Of course, we’d argue that convertible securities are appropriate for strategic portfolio allocations, as a means of seeking lower volatility equity exposure over full and multiple market cycles.
But as interest rates rise, it’s that time in the cycle when many advisors are turning to convertibles for shorter-term tactical overweights. Convertible bonds, which combine characteristics of stocks and traditional fixed-income securities, have historically outperformed fixed income during periods of rising interest rates (see the analysis in our Readying Your Clients’ Portfolios for Rising Interest Rates post).
If you’re evaluating convertible funds now, make sure you recognize the difference between what an actively managed fund does versus a passive.

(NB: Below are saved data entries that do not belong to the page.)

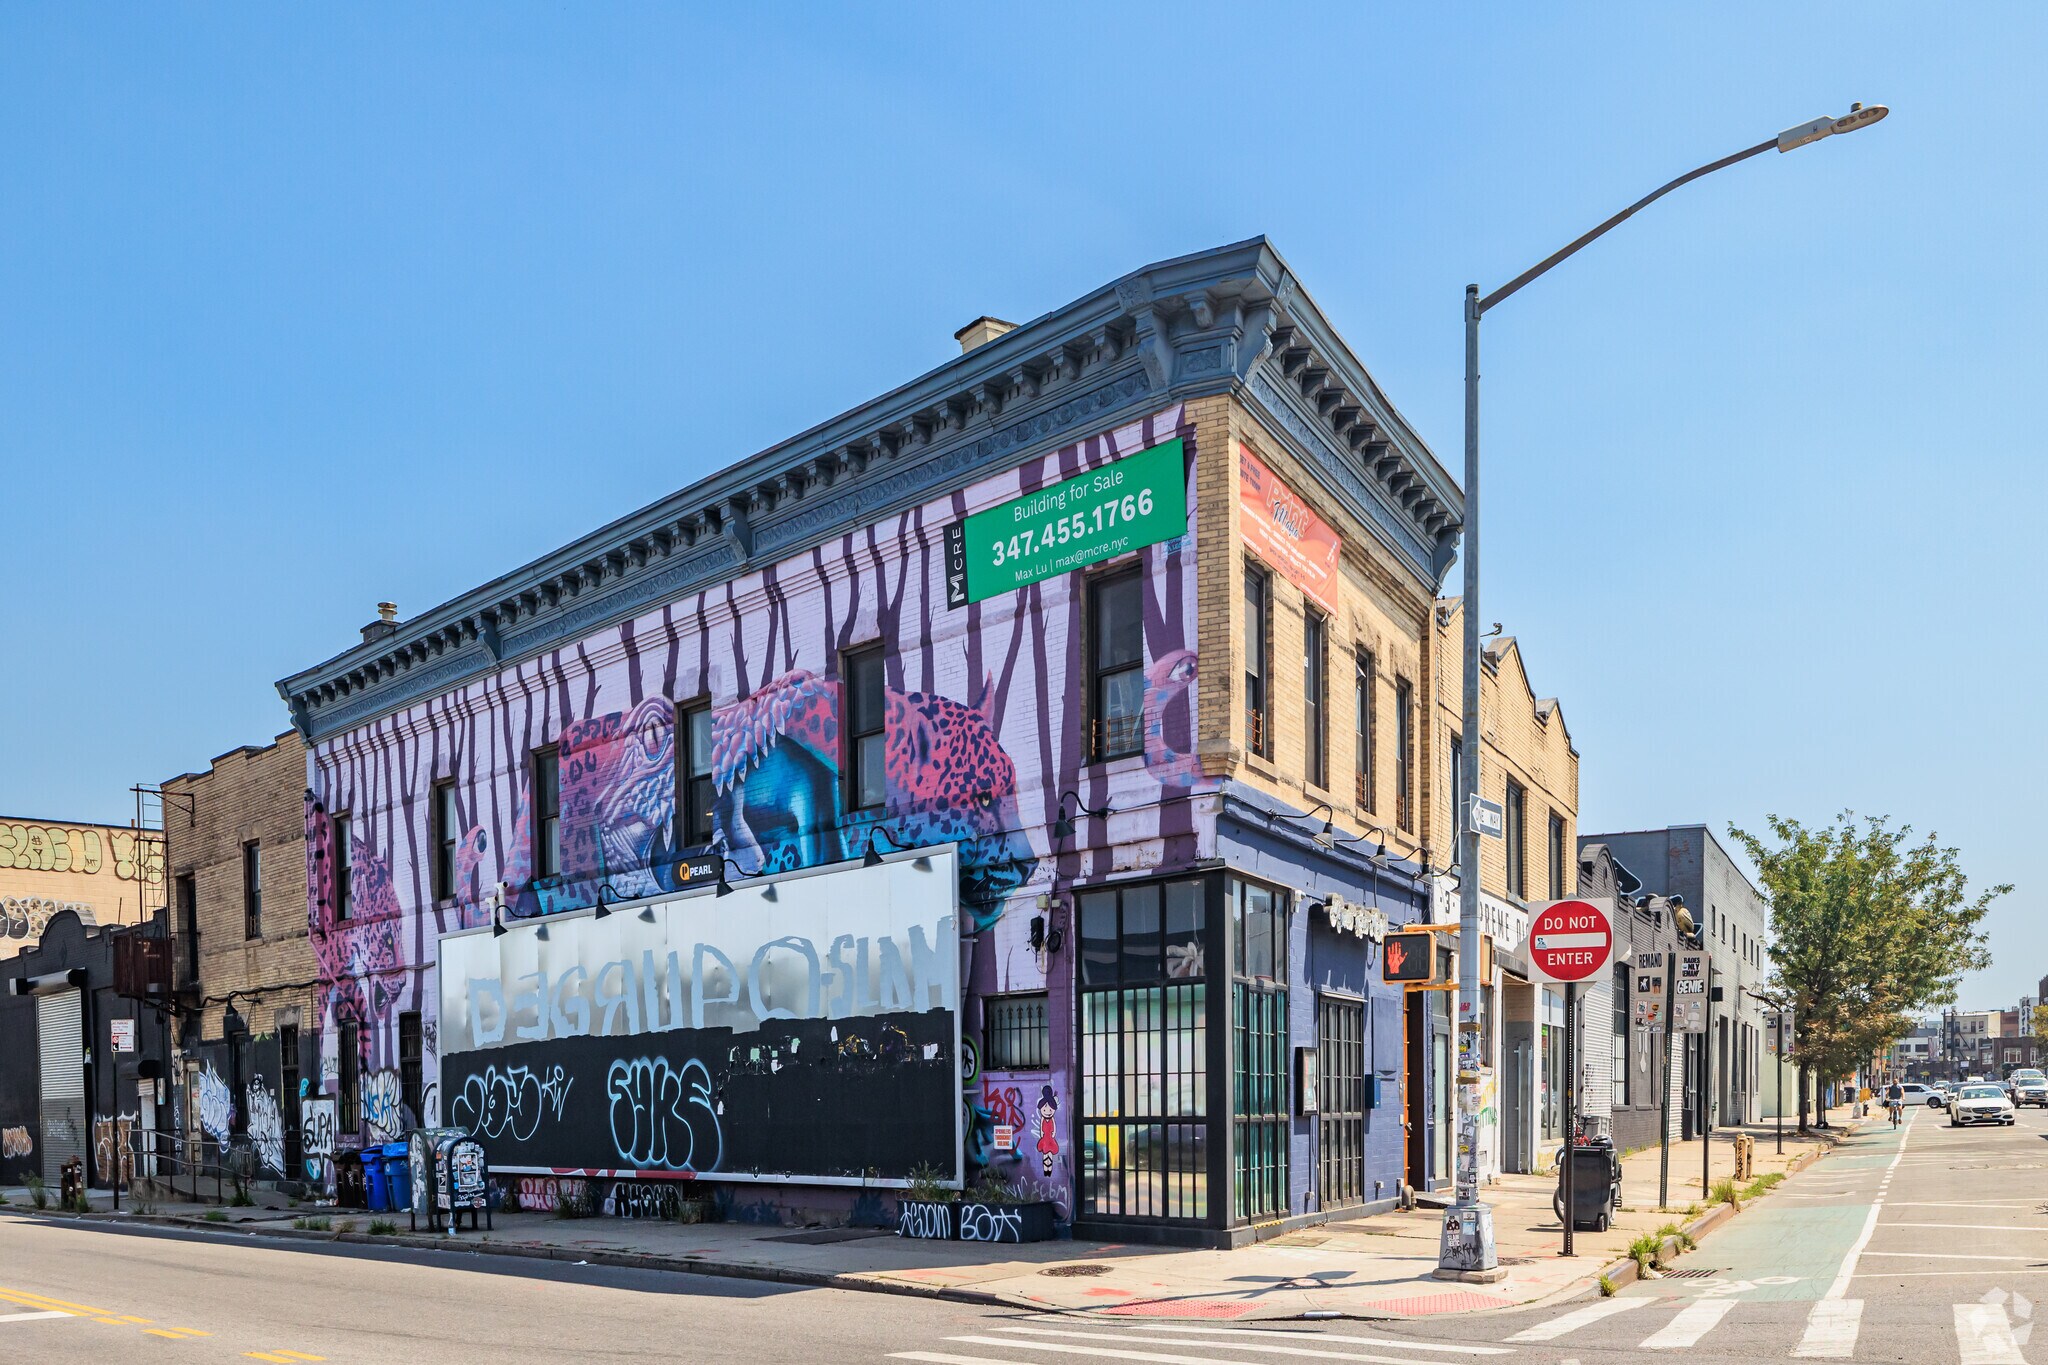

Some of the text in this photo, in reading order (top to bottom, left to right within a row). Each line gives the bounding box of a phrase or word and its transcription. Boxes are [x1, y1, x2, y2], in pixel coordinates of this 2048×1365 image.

[1013, 469, 1124, 522] Building for Sale
[991, 487, 1154, 567] 347.455.1766
[950, 526, 965, 603] MCRE
[1015, 568, 1034, 582] Max
[1036, 564, 1048, 575] Lu
[1055, 535, 1129, 570] max@mcre.nyc
[1474, 806, 1500, 829] ONE WAY
[690, 864, 713, 877] PEARL
[1544, 916, 1597, 930] DO NOT
[1547, 952, 1593, 966] ENTER
[1677, 979, 1704, 994] GENIE

The Complexities of a Single Security and the Market as a Whole
In our view, those who seek to buy “the market” via a passive fund defeat the purpose of investing in convertibles securities. Here’s why:
- Convertibles combine characteristics of stocks and traditional fixed income securities, providing unique opportunities for managing risk and enhancing returns.
- The characteristics of a single convertible may change over time. Convertible securities have varying degrees of equity and fixed income sensitivity, and these characteristics may change for a given convertible over time.
- At various times, the convertible market as a whole—and thereby the passive fund tracking it—may look a lot like the equity market and other times a lot like the bond market.